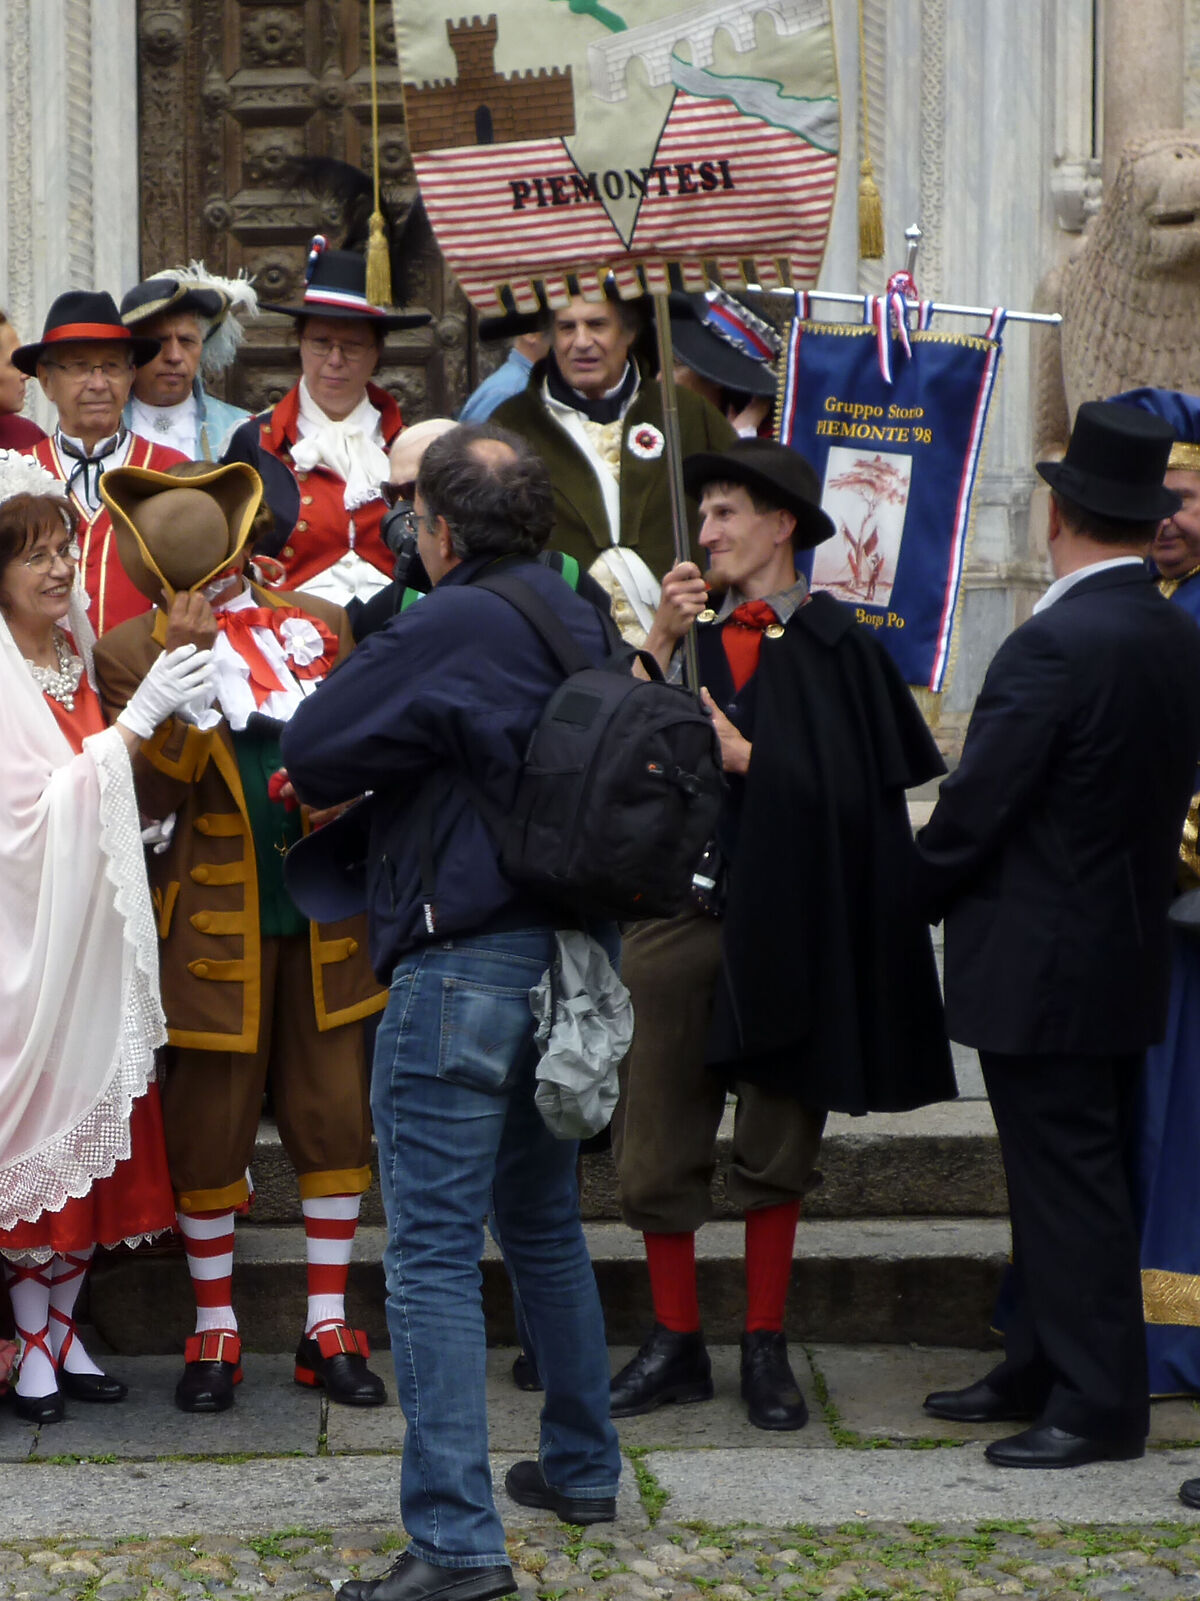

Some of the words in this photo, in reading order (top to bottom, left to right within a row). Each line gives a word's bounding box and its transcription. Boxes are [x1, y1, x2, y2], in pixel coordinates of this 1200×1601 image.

[508, 159, 736, 210] PIEMONTESI
[824, 396, 884, 420] Gruppo
[816, 420, 910, 442] PIEMONTE
[887, 611, 905, 629] Po

------------------------------------------------------------------------

Activity:
Please repeat all of the data exactly, excluding images.

Response:
Some of the words in this photo, in reading order (top to bottom, left to right within a row). Each line gives a word's bounding box and its transcription. Boxes are [x1, y1, x2, y2], in pixel coordinates of this 1200×1601 image.

[508, 159, 736, 210] PIEMONTESI
[824, 396, 884, 420] Gruppo
[816, 420, 910, 442] PIEMONTE
[887, 611, 905, 629] Po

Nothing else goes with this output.